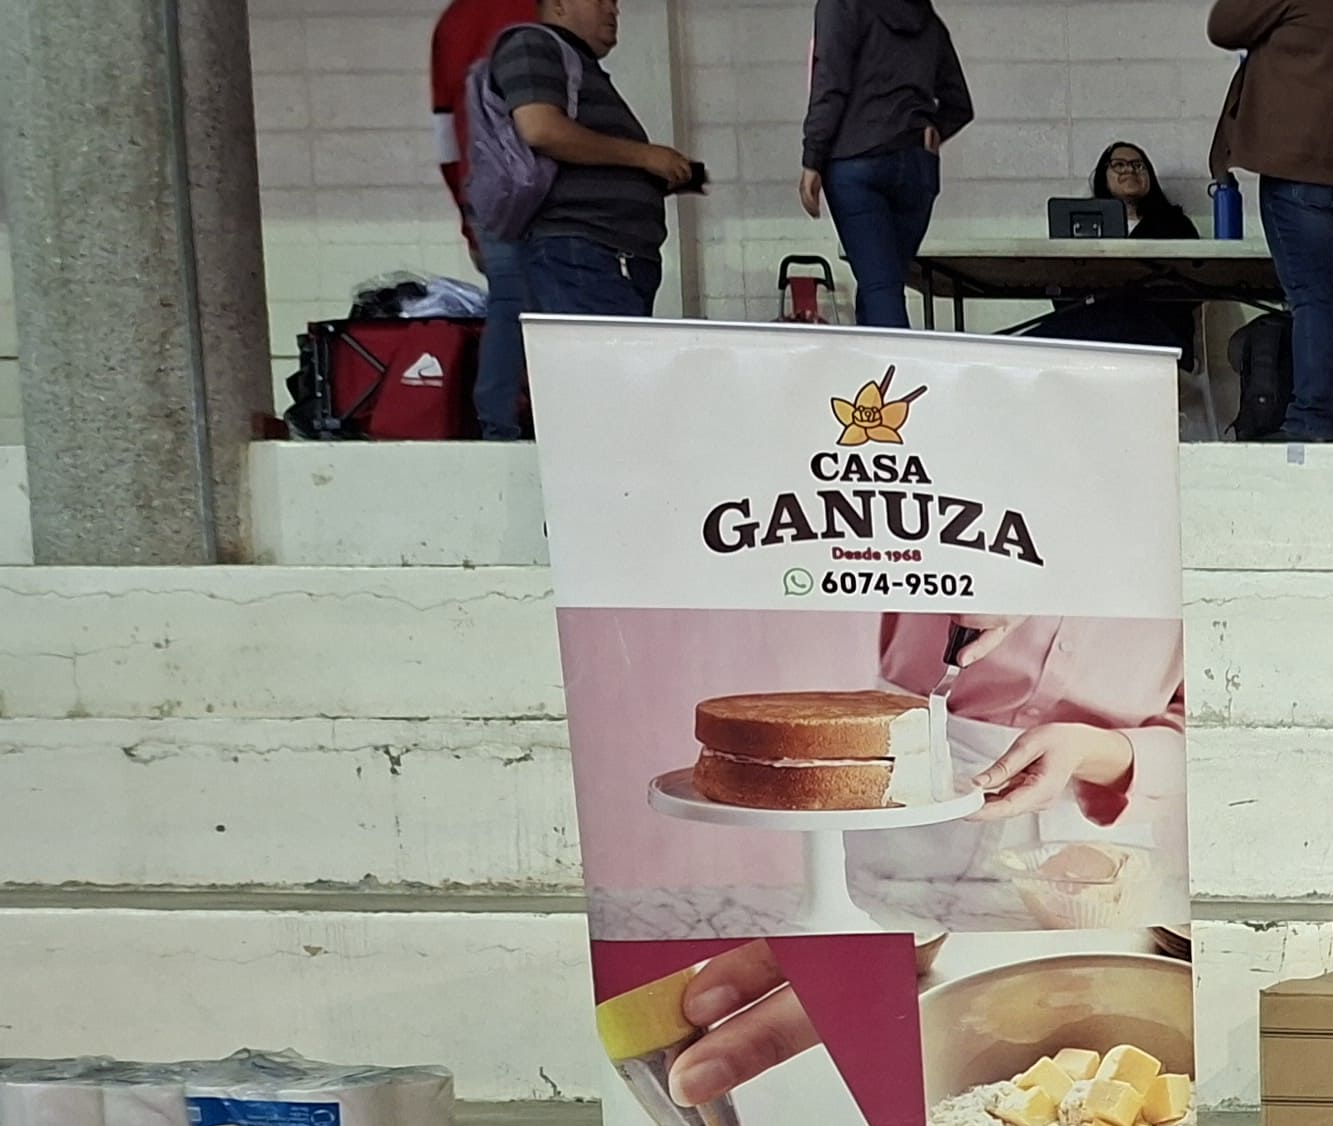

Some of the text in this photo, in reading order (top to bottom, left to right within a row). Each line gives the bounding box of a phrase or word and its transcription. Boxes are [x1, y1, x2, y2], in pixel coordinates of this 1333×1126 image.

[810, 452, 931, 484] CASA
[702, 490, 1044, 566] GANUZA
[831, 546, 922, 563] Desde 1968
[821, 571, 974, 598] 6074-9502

------

Exercise brief: Take the listing above and restate it word for word, without its pictures.

Task result:
Some of the text in this photo, in reading order (top to bottom, left to right within a row). Each line gives the bounding box of a phrase or word and its transcription. Boxes are [x1, y1, x2, y2], in pixel coordinates of this 1333×1126 image.

[810, 452, 931, 484] CASA
[702, 490, 1044, 566] GANUZA
[831, 546, 922, 563] Desde 1968
[821, 571, 974, 598] 6074-9502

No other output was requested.